Pictures stay out. Everything else in the entries is copied exactly.

--*--

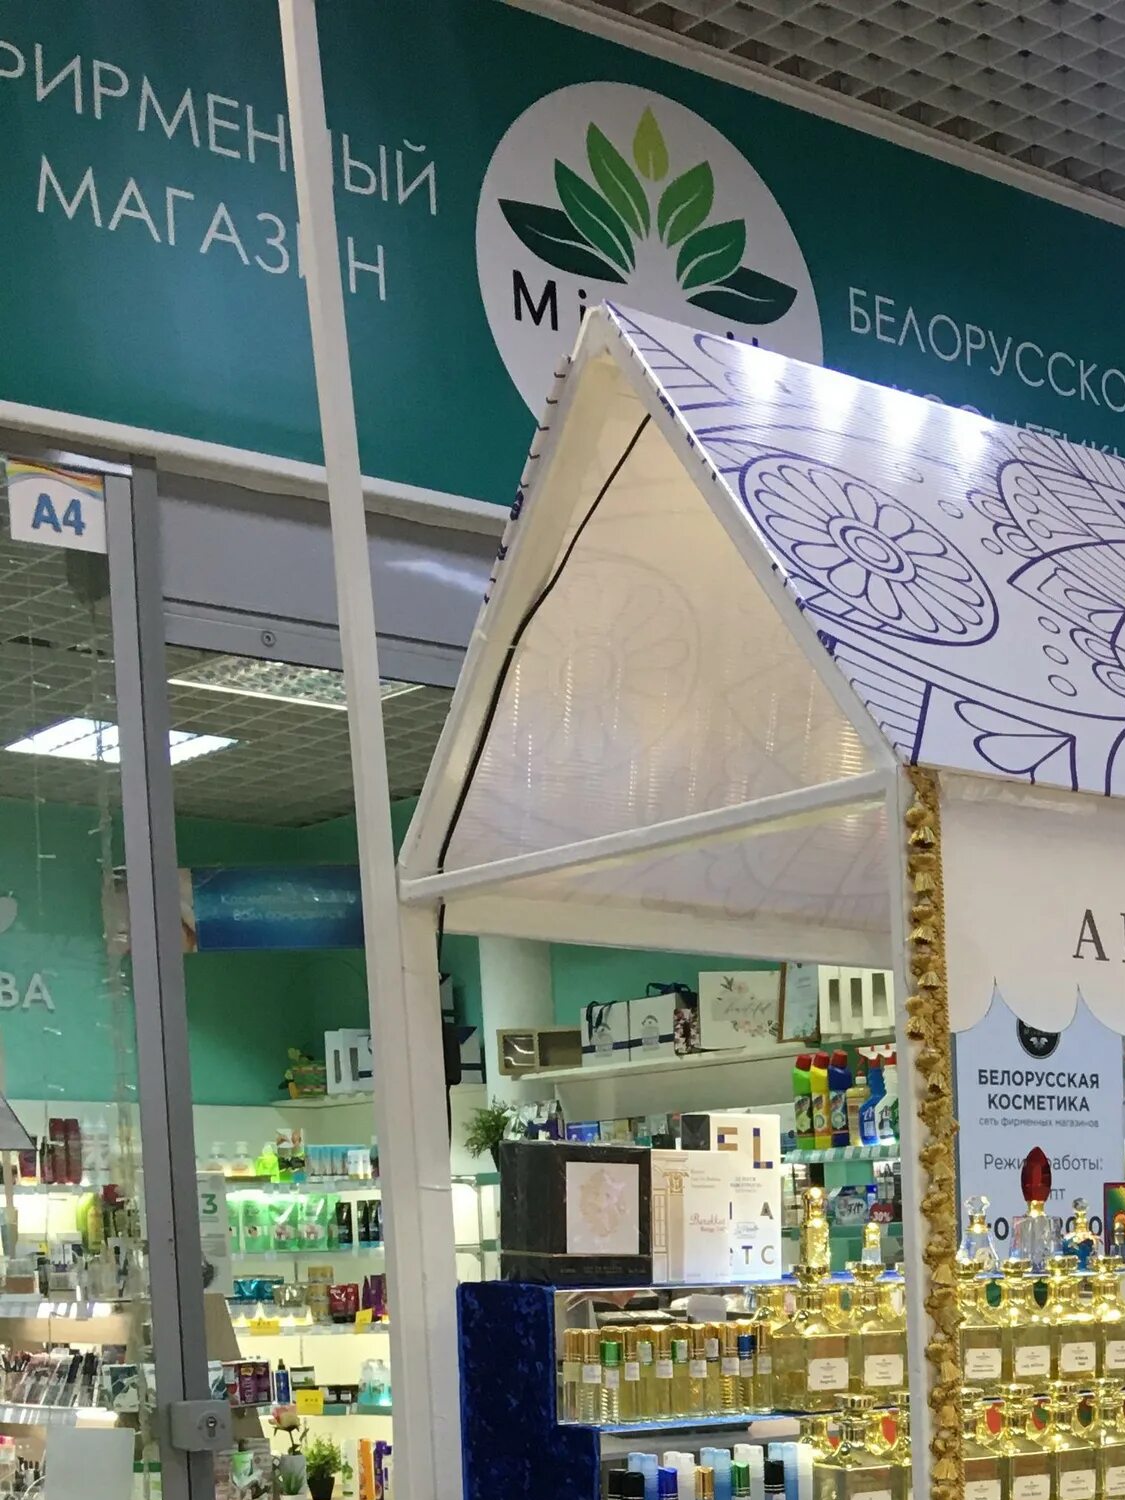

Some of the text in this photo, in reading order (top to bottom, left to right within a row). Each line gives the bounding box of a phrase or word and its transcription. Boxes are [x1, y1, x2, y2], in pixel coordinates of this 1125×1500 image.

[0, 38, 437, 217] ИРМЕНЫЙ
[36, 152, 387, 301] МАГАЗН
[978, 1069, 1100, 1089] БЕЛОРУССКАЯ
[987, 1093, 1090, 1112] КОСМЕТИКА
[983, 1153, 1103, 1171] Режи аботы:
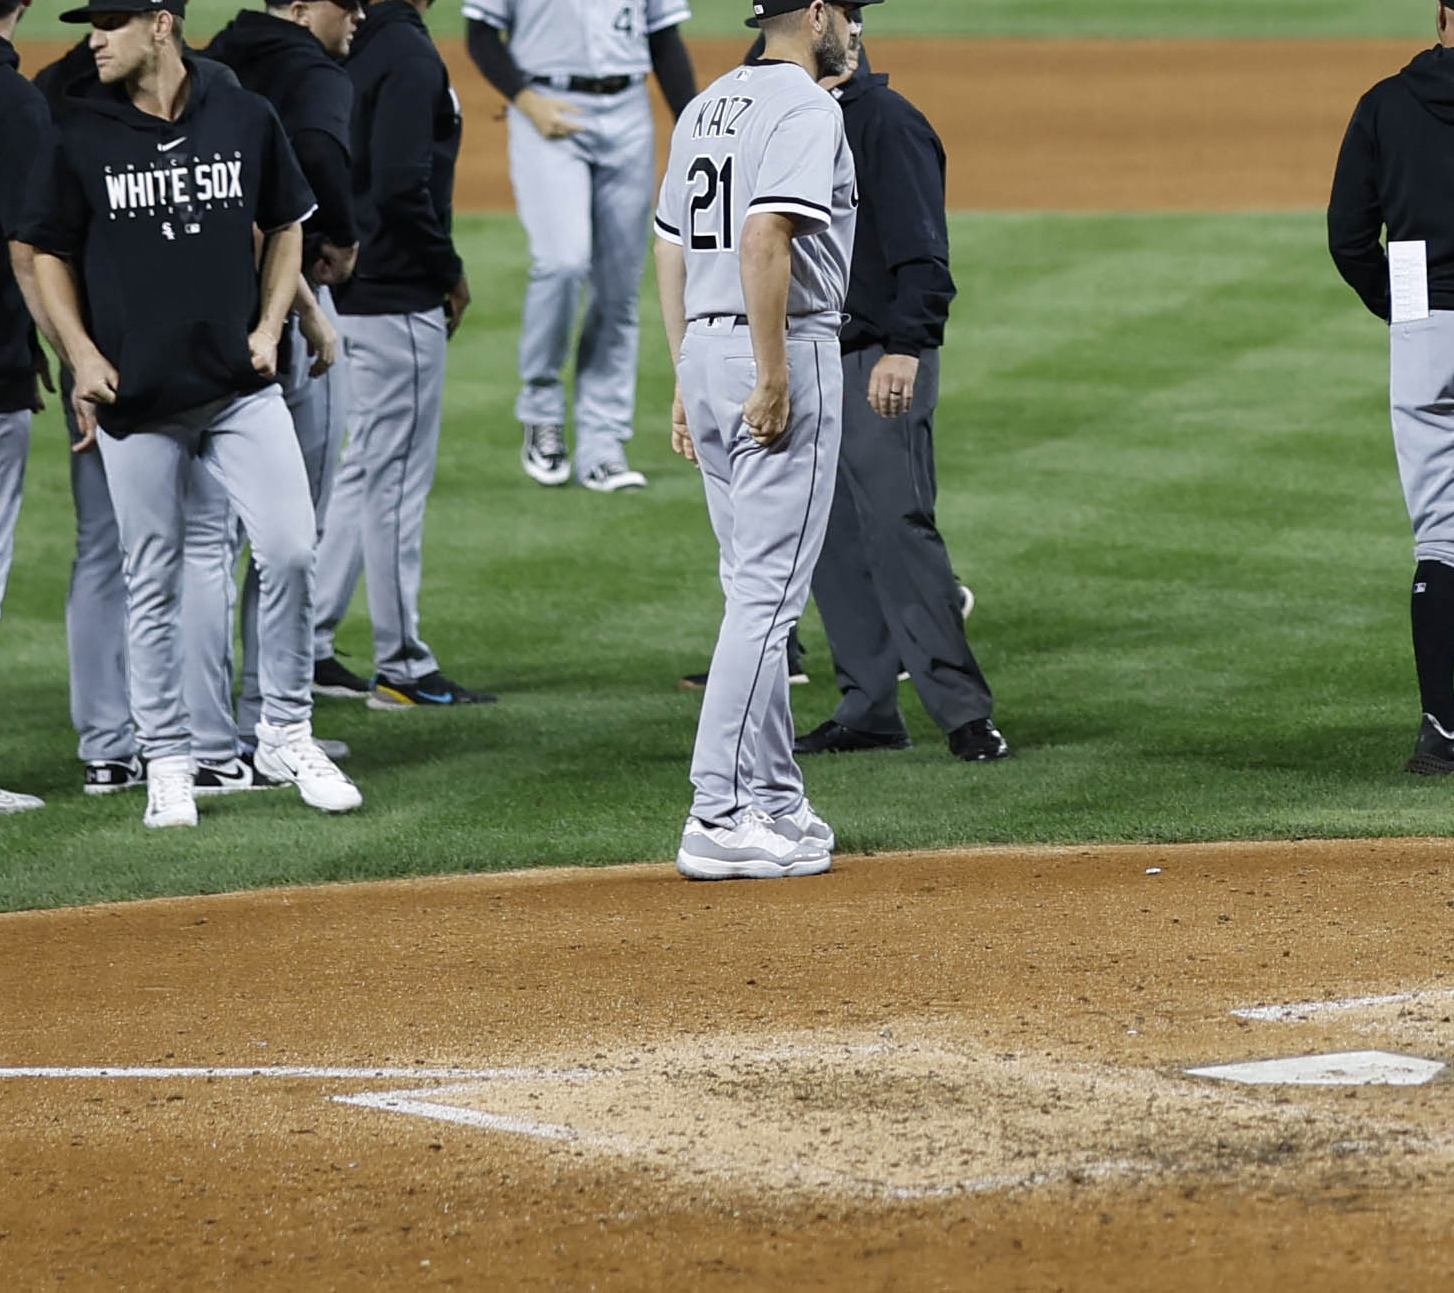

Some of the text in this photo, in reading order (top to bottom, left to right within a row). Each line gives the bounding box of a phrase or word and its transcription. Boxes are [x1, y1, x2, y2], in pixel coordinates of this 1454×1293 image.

--*--

**Solution for this exercise**
Some of the text in this photo, in reading order (top to bottom, left to right within a row). Each line gives the bounding box of a phrase or word and its transcription. Boxes are [x1, y1, x2, y2], in pixel coordinates of this 1125×1500 image.

[0, 38, 437, 217] ИРМЕНЫЙ
[36, 152, 387, 301] МАГАЗН
[978, 1069, 1100, 1089] БЕЛОРУССКАЯ
[987, 1093, 1090, 1112] КОСМЕТИКА
[983, 1153, 1103, 1171] Режи аботы:

Some of the text in this photo, in reading order (top to bottom, left to right within a row). Each line gives the bounding box of a phrase or word and its transcription. Boxes are [x1, y1, x2, y2], in pixel coordinates of this 1454×1293 image.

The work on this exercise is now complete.